While a substantial body of literature has addressed EVs integration challenges, it is imperative to note that significant considerations and gaps persist, awaiting further exploration and resolution. For instance, a closed-loop control methodology implemented in the context of EV participation in the AGC system [25] accomplished bidirectional power flow for charging and frequency regulation. However, the study’s assumed time delay of 1–2 s contrasts with actual turbine and EV responses, which suggests a longer delay time of 7–8 s. Moreover, a robust frequency regulator was devised for a power grid comprising multiple interconnected regions, considering EVs involvement in load frequency control services, thus enhancing the resilience of Automatic Generation Control (AGC) services [26]. However, this study lacked consideration for practical constraints, such as higher time delays and dead bands, and did not thoroughly assess realistic EV capacity. Meanwhile, Sanki et al. [27] integrated plug-in EV services into the AGC system to tackle the grid stability challenges of integrating highly intermittent solar and wind technologies into grid operations. Khezri et al. [28] incorporated EVs in the AGC regulation process utilizing a consolidated model of EVs governed by a fractional order-PID controller to manage the discharging state of EVs. However, this study omitted the EV contribution over 24 h when assessing EV availability from the consumer side. Therefore, the responsive involvement of the EVs in AGC necessitates a more thorough examination of extensive power grid models. This requires careful consideration of practical constraints, including delays, parametric uncertainties, and dead bands. The approach used in this study will offer valuable perspectives into the dynamic performance of EVs and their influence on grid stability, ultimately contributing to establishing more resilient and reliable AGC-based power systems.

1.2. Our Contributions

This study investigates utilizing the storage capabilities of EVs to reinforce future power systems, particularly in controlling operations involving massive wind power integration. The primary aim is to create a simple yet sturdy and responsive AGC system for a real power system network to regulate the system frequency efficiently and cost-effectively. By effectively combining the capacities of EVs with thermal energy systems (TES), the AGC model offers improved active power regulation services. The developed model introduces an enhanced allocation of regulating reserves from EVs while considering their power threshold levels. The dispatch strategy formulated for the AGC system prioritizes the utilization of reserves from EVs over those from TESs in grid balancing procedures. Integrating EVs ensures greater flexibility, cost-effectiveness, and reduced environmental strain, leading to a more resilient and eco-friendly energy landscape. Moreover, the Dig SILENT Power Factory software (2019 SP3) assesses the proposed AGC dispatch strategy. The proposed model integrates detailed models of various generating units, including wind energy systems (WES), TES, gas turbine energy systems (GTES), and an electric vehicle area (EVA). Additionally, a specific windy day in 2023 was chosen to study and analyze forecasting errors in a large-scale wind energy-based power system network.
The primary contributions of this research are as follows:
  • A comprehensive power system model has been developed, incorporating key generating units like TES, GTES, and WES. Furthermore, a comprehensive EVA model is developed, harnessing frequency control capabilities utilizing the concepts of positive and negative regulation capacities.
  • A centralized AGC model for the proposed power system is developed to facilitate secondary frequency response and ensure power balancing operations.
  • A real-time dynamic dispatch strategy is formulated for the AGC model to efficiently integrate reserve capacities from the EVA model and prioritize its utilization over TES.

1.3. Paper Outline

This paper is structured systematically, with Section 2 focusing on the detailed modeling of TES, GTES, WES, and the EVA model. In Section 3, the AGC system modeling is outlined, incorporating the model of the power plant units and EVA system. Section 4 delineates the proposed power dispatch approach and validates its performance. Section 5 concludes the paper, drawing insightful conclusions from the investigation and providing future recommendations.

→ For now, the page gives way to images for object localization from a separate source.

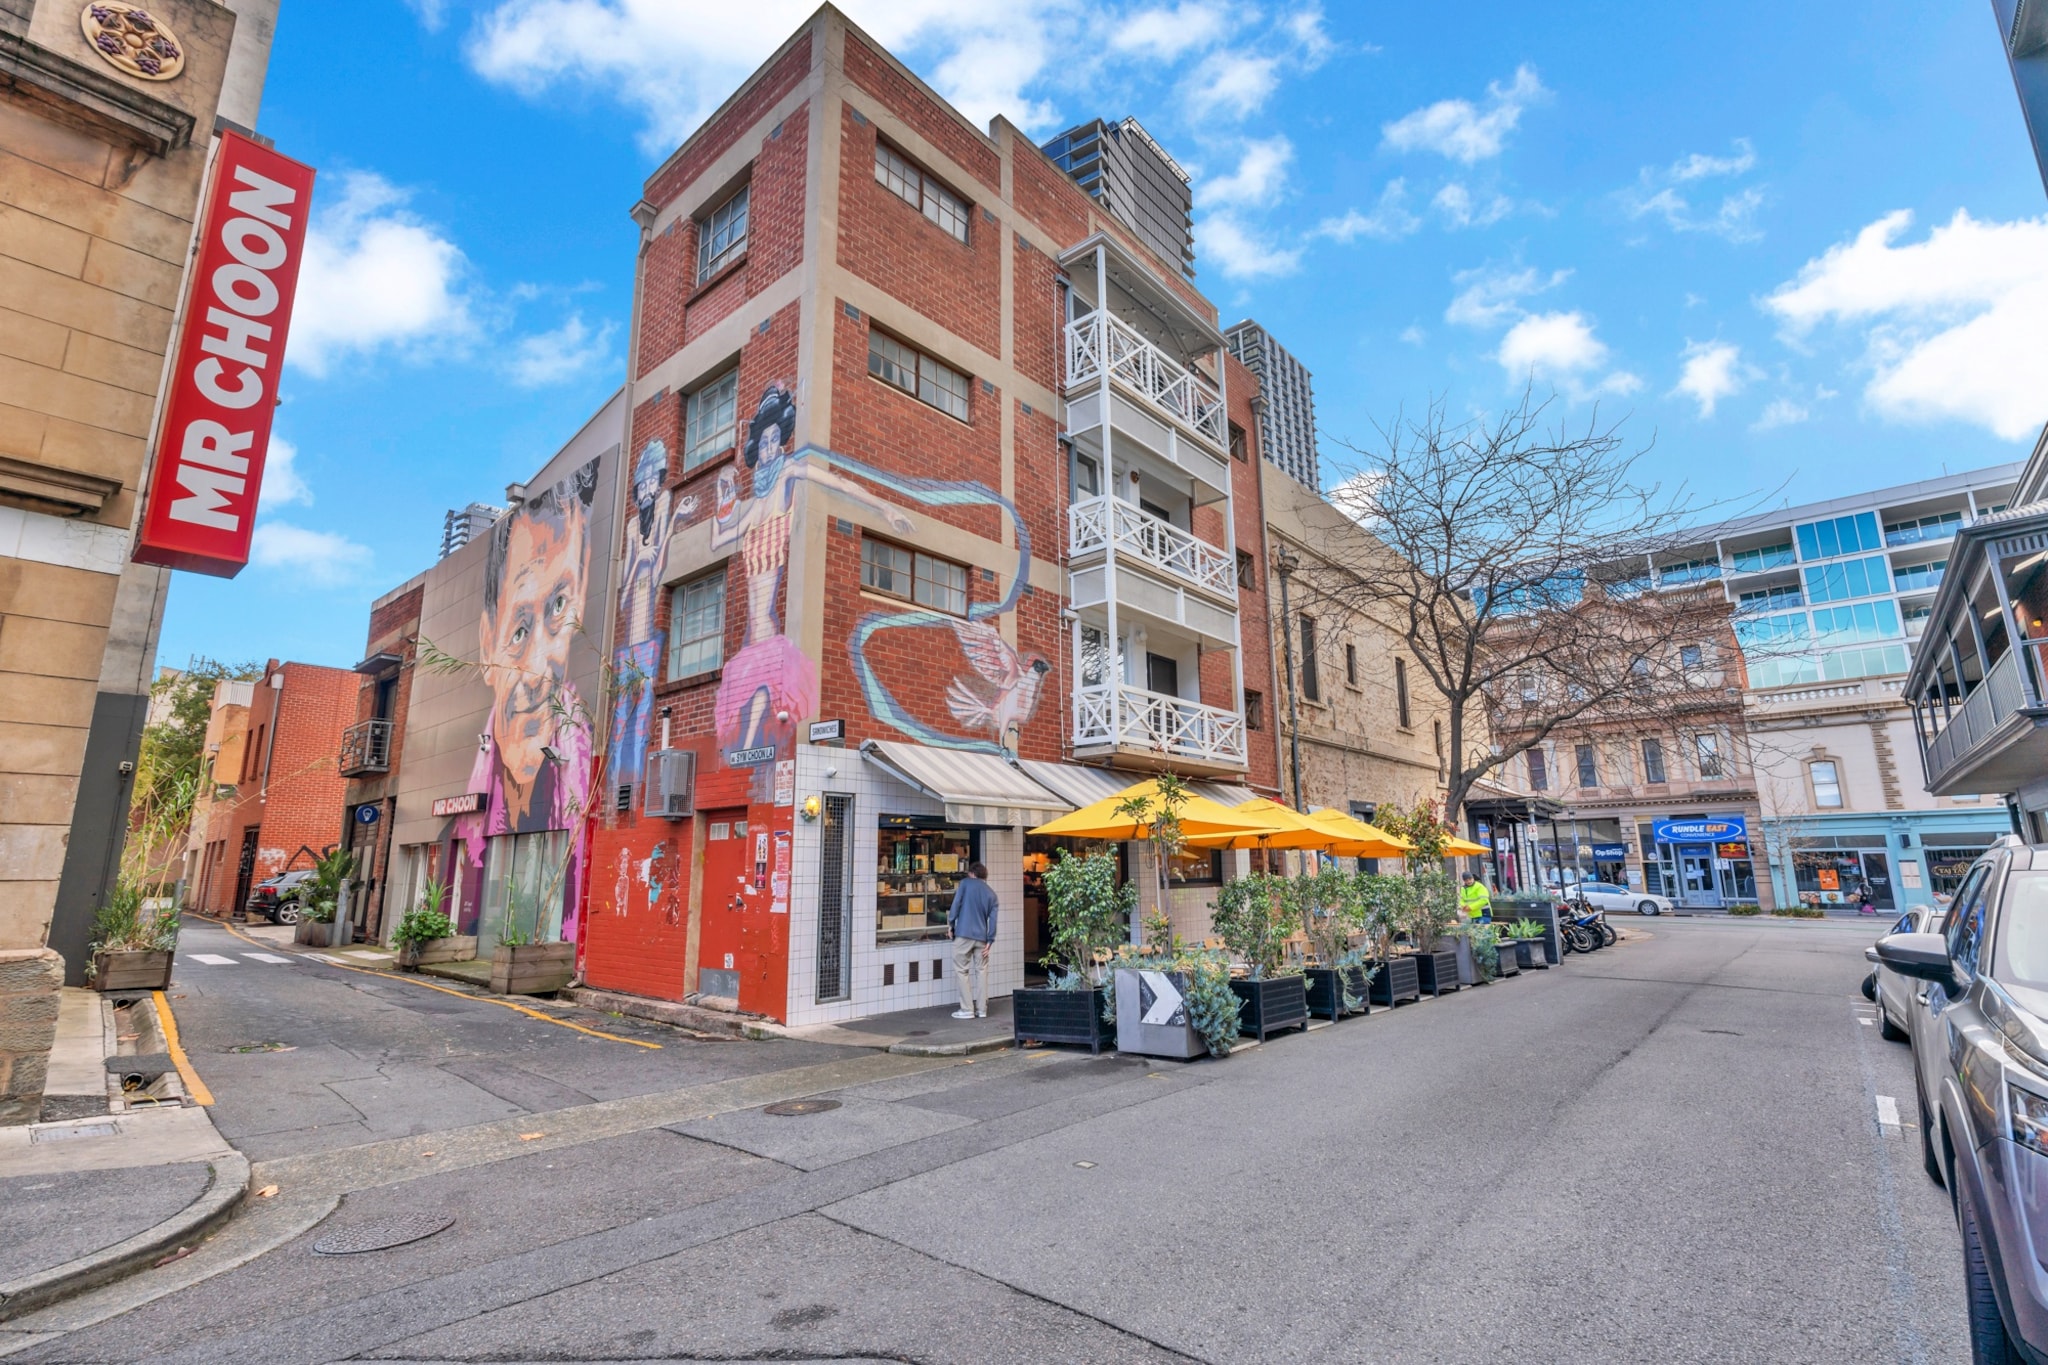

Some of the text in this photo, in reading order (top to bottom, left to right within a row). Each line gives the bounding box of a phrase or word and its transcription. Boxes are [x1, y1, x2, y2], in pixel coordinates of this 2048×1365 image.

[168, 164, 297, 533] MR CHOON
[812, 724, 837, 736] SANDWICHES
[736, 752, 747, 762] SYM
[748, 749, 766, 761] CHOON
[766, 748, 773, 758] LA
[433, 794, 477, 815] MR CHOON
[1672, 824, 1728, 833] RUNDLE EAST
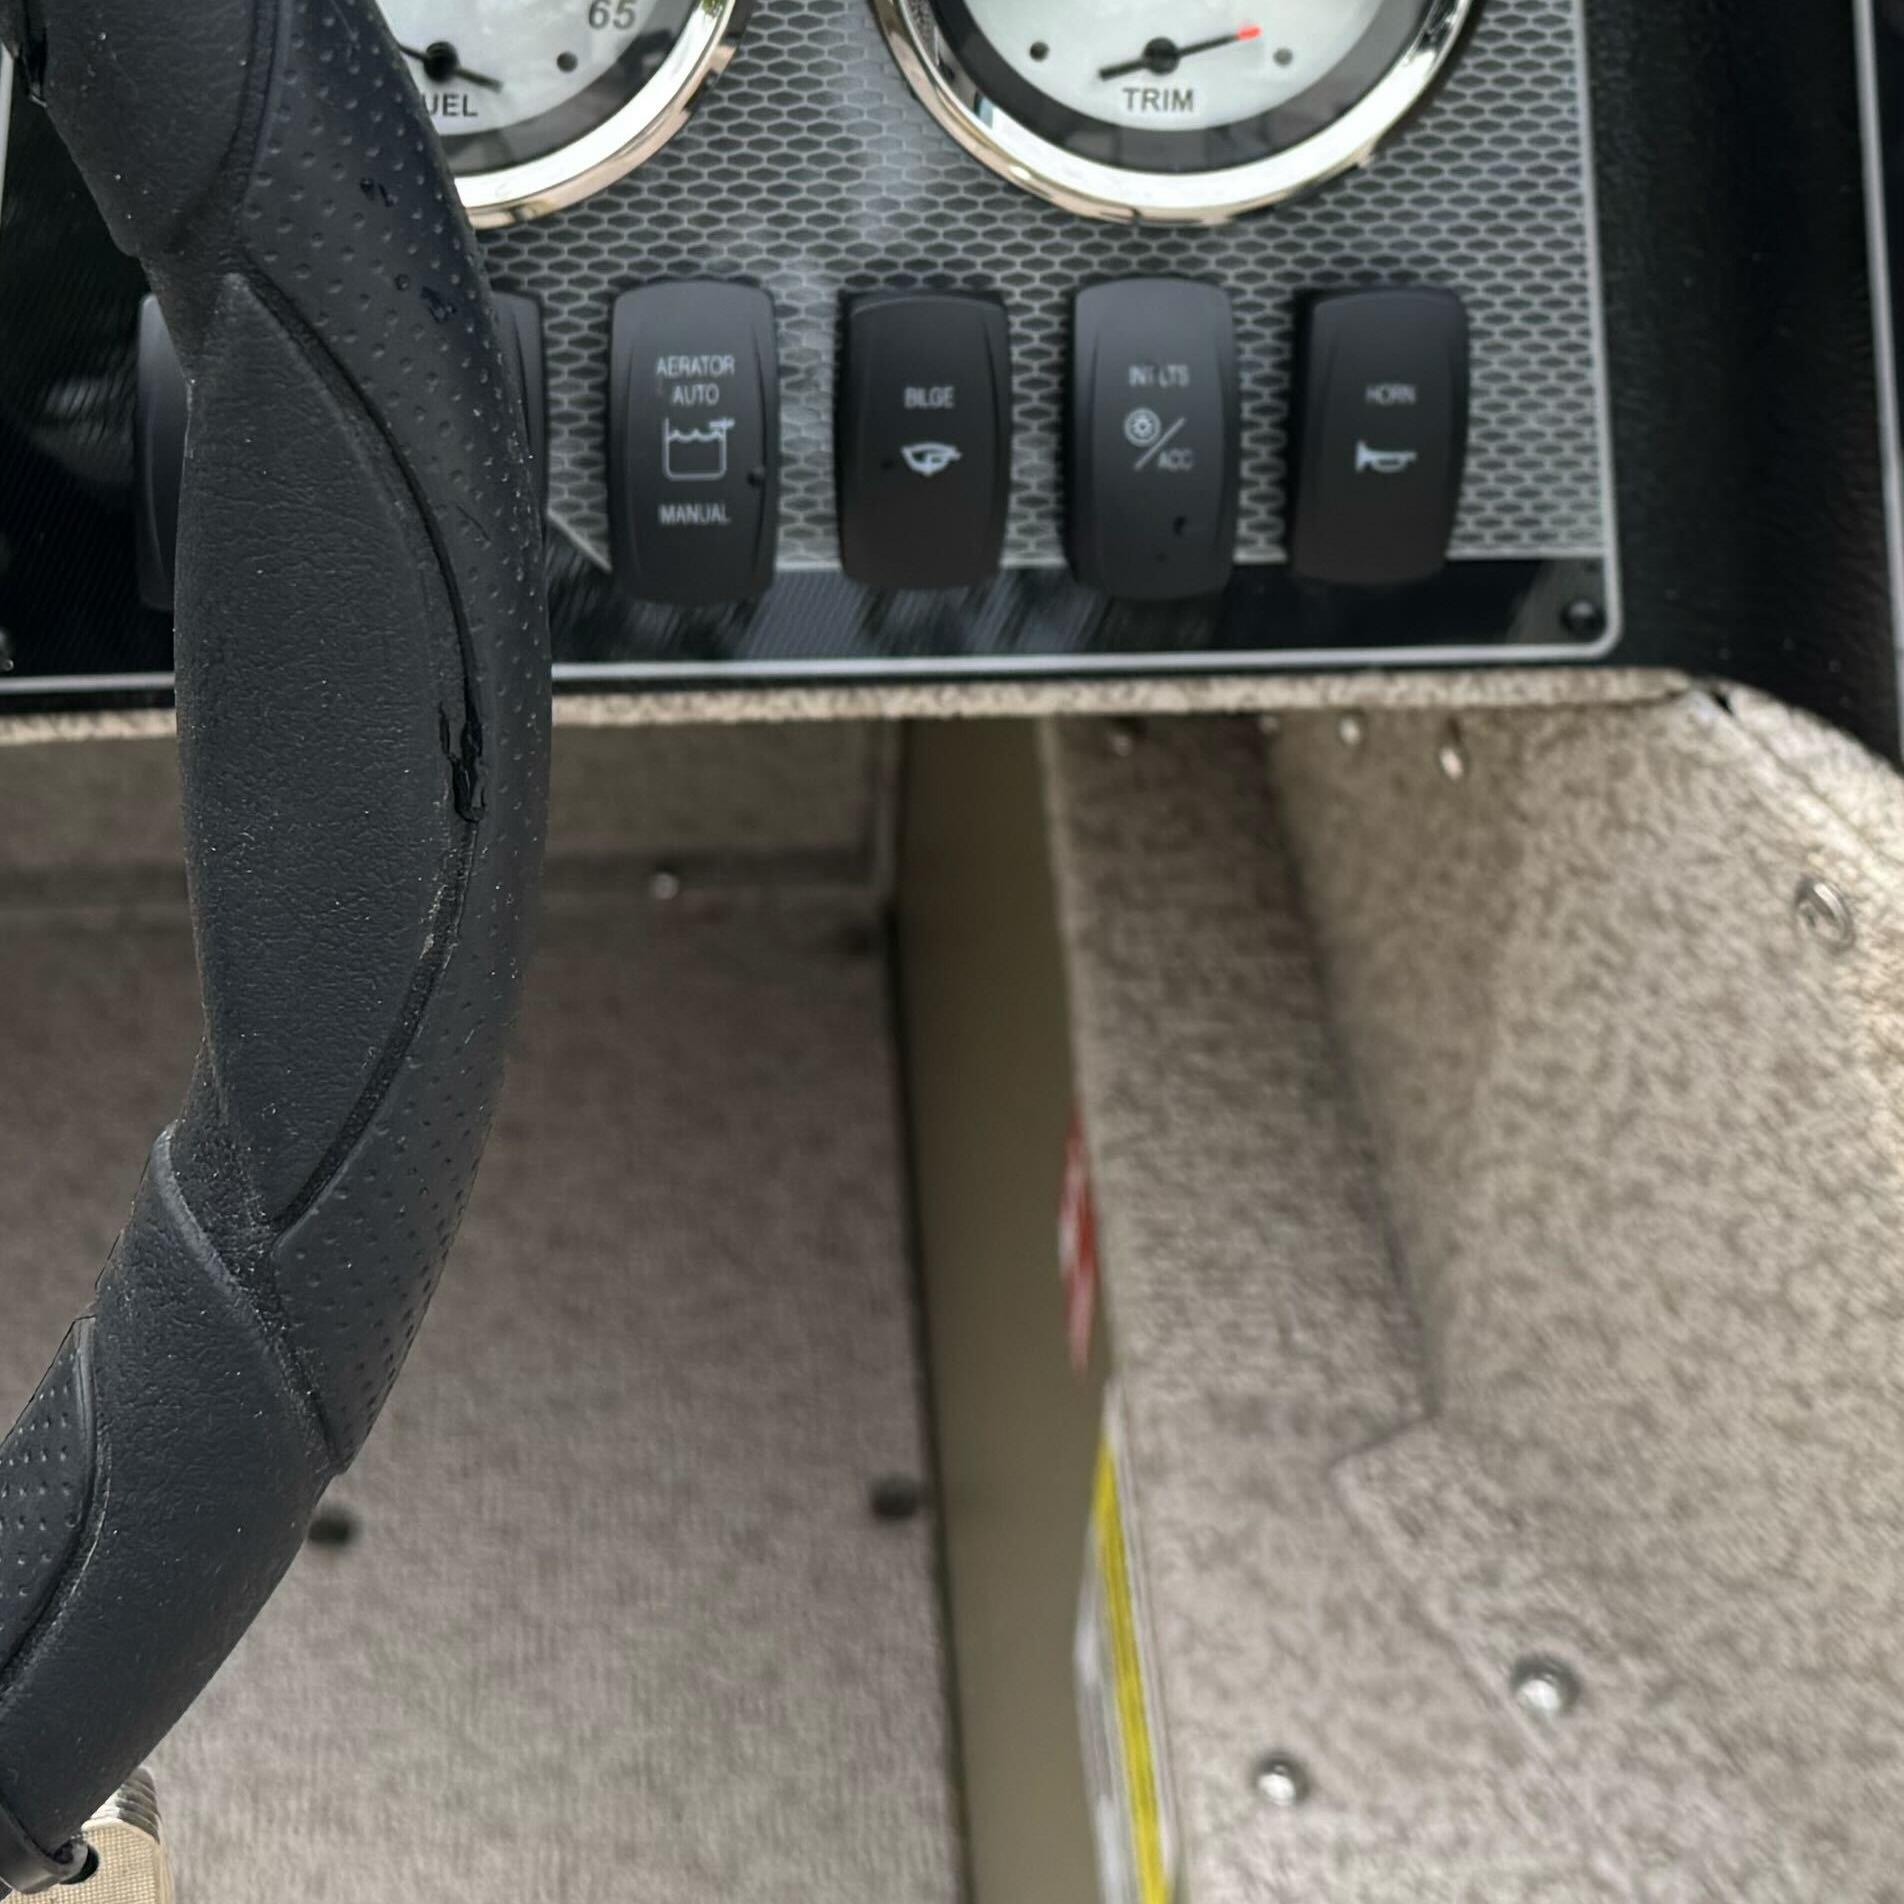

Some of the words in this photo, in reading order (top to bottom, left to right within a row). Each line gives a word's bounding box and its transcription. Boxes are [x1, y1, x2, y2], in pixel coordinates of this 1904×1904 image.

2. Generating Units and EVA Modelling

This section comprehensively overviews EVs’ modeling process and various power plant units, such as TES, GTES, and WES. Governors are accurately engineered and strategically positioned on each generating unit to ensure a highly efficient primary frequency response. Their vital role is effectively regulating and stabilizing the system’s power output. Additionally, we developed a sophisticated EVA model that plays a key role in this integrated system. The EVA model receives dispatch orders from the AGC system and employs an advanced inbuilt algorithm to efficiently route the instructions to individual EVs. This intelligent routing system ensures that the required secondary regulating reserves are promptly provided, contributing to the overall grid stability and efficient energy management.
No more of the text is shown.